═══ Source data
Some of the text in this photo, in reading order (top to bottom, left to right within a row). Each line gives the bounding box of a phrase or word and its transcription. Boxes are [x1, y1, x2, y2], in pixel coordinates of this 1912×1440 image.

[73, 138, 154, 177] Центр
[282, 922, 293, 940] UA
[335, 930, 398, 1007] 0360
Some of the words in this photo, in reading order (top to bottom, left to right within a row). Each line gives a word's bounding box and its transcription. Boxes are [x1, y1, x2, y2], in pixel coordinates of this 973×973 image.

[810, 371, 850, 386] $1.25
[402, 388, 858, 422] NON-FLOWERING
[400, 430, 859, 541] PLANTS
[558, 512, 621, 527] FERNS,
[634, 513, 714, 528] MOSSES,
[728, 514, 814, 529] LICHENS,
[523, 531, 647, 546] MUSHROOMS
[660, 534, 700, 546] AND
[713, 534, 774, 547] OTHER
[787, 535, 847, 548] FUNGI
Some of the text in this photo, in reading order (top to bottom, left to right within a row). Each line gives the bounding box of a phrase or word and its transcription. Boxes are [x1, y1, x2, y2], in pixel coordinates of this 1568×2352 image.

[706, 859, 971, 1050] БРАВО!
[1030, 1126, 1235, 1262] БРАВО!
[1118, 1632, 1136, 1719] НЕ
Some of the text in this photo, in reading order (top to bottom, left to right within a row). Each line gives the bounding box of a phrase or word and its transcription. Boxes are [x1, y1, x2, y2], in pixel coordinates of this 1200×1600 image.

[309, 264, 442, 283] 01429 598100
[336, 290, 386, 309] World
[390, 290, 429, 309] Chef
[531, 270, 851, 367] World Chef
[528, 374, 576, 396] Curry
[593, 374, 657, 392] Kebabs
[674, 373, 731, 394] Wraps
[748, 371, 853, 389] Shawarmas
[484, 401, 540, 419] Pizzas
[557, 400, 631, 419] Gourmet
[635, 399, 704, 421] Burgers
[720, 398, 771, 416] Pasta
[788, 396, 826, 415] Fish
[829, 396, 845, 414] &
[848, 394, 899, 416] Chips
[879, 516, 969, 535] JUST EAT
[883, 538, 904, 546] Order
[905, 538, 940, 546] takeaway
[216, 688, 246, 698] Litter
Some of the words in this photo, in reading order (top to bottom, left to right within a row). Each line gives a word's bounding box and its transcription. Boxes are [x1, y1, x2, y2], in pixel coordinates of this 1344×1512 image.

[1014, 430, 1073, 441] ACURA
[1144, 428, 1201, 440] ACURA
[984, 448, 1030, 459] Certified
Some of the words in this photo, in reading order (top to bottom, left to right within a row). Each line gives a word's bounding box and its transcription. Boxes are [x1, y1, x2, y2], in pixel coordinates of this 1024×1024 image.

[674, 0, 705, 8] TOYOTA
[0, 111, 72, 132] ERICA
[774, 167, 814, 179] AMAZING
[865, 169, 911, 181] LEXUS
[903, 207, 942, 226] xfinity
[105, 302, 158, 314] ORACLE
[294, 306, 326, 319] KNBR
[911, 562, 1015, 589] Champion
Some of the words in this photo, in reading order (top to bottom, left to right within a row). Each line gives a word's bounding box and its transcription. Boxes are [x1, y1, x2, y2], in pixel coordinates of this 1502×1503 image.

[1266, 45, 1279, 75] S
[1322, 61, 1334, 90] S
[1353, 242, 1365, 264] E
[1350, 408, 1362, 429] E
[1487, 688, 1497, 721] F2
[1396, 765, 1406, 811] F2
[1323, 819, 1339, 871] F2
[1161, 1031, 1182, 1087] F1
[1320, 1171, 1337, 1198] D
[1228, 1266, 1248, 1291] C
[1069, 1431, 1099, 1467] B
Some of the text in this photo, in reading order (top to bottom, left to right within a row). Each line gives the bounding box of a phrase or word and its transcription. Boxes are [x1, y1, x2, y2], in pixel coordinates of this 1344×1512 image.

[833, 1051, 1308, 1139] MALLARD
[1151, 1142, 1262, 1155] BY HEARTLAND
══════
§ **Exercise objective**
Every line of the listing should be printed again exactly.

§ **Answer**
Some of the text in this photo, in reading order (top to bottom, left to right within a row). Each line gives the bounding box of a phrase or word and its transcription. Boxes are [x1, y1, x2, y2], in pixel coordinates of this 1912×1440 image.

[73, 138, 154, 177] Центр
[282, 922, 293, 940] UA
[335, 930, 398, 1007] 0360
Some of the words in this photo, in reading order (top to bottom, left to right within a row). Each line gives a word's bounding box and its transcription. Boxes are [x1, y1, x2, y2], in pixel coordinates of this 973×973 image.

[810, 371, 850, 386] $1.25
[402, 388, 858, 422] NON-FLOWERING
[400, 430, 859, 541] PLANTS
[558, 512, 621, 527] FERNS,
[634, 513, 714, 528] MOSSES,
[728, 514, 814, 529] LICHENS,
[523, 531, 647, 546] MUSHROOMS
[660, 534, 700, 546] AND
[713, 534, 774, 547] OTHER
[787, 535, 847, 548] FUNGI
Some of the text in this photo, in reading order (top to bottom, left to right within a row). Each line gives the bounding box of a phrase or word and its transcription. Boxes are [x1, y1, x2, y2], in pixel coordinates of this 1568×2352 image.

[706, 859, 971, 1050] БРАВО!
[1030, 1126, 1235, 1262] БРАВО!
[1118, 1632, 1136, 1719] НЕ
Some of the text in this photo, in reading order (top to bottom, left to right within a row). Each line gives the bounding box of a phrase or word and its transcription. Boxes are [x1, y1, x2, y2], in pixel coordinates of this 1200×1600 image.

[309, 264, 442, 283] 01429 598100
[336, 290, 386, 309] World
[390, 290, 429, 309] Chef
[531, 270, 851, 367] World Chef
[528, 374, 576, 396] Curry
[593, 374, 657, 392] Kebabs
[674, 373, 731, 394] Wraps
[748, 371, 853, 389] Shawarmas
[484, 401, 540, 419] Pizzas
[557, 400, 631, 419] Gourmet
[635, 399, 704, 421] Burgers
[720, 398, 771, 416] Pasta
[788, 396, 826, 415] Fish
[829, 396, 845, 414] &
[848, 394, 899, 416] Chips
[879, 516, 969, 535] JUST EAT
[883, 538, 904, 546] Order
[905, 538, 940, 546] takeaway
[216, 688, 246, 698] Litter
Some of the words in this photo, in reading order (top to bottom, left to right within a row). Each line gives a word's bounding box and its transcription. Boxes are [x1, y1, x2, y2], in pixel coordinates of this 1344×1512 image.

[1014, 430, 1073, 441] ACURA
[1144, 428, 1201, 440] ACURA
[984, 448, 1030, 459] Certified
Some of the words in this photo, in reading order (top to bottom, left to right within a row). Each line gives a word's bounding box and its transcription. Boxes are [x1, y1, x2, y2], in pixel coordinates of this 1024×1024 image.

[674, 0, 705, 8] TOYOTA
[0, 111, 72, 132] ERICA
[774, 167, 814, 179] AMAZING
[865, 169, 911, 181] LEXUS
[903, 207, 942, 226] xfinity
[105, 302, 158, 314] ORACLE
[294, 306, 326, 319] KNBR
[911, 562, 1015, 589] Champion
Some of the words in this photo, in reading order (top to bottom, left to right within a row). Each line gives a word's bounding box and its transcription. Boxes are [x1, y1, x2, y2], in pixel coordinates of this 1502×1503 image.

[1266, 45, 1279, 75] S
[1322, 61, 1334, 90] S
[1353, 242, 1365, 264] E
[1350, 408, 1362, 429] E
[1487, 688, 1497, 721] F2
[1396, 765, 1406, 811] F2
[1323, 819, 1339, 871] F2
[1161, 1031, 1182, 1087] F1
[1320, 1171, 1337, 1198] D
[1228, 1266, 1248, 1291] C
[1069, 1431, 1099, 1467] B
Some of the text in this photo, in reading order (top to bottom, left to right within a row). Each line gives the bounding box of a phrase or word and its transcription. Boxes are [x1, y1, x2, y2], in pixel coordinates of this 1344×1512 image.

[833, 1051, 1308, 1139] MALLARD
[1151, 1142, 1262, 1155] BY HEARTLAND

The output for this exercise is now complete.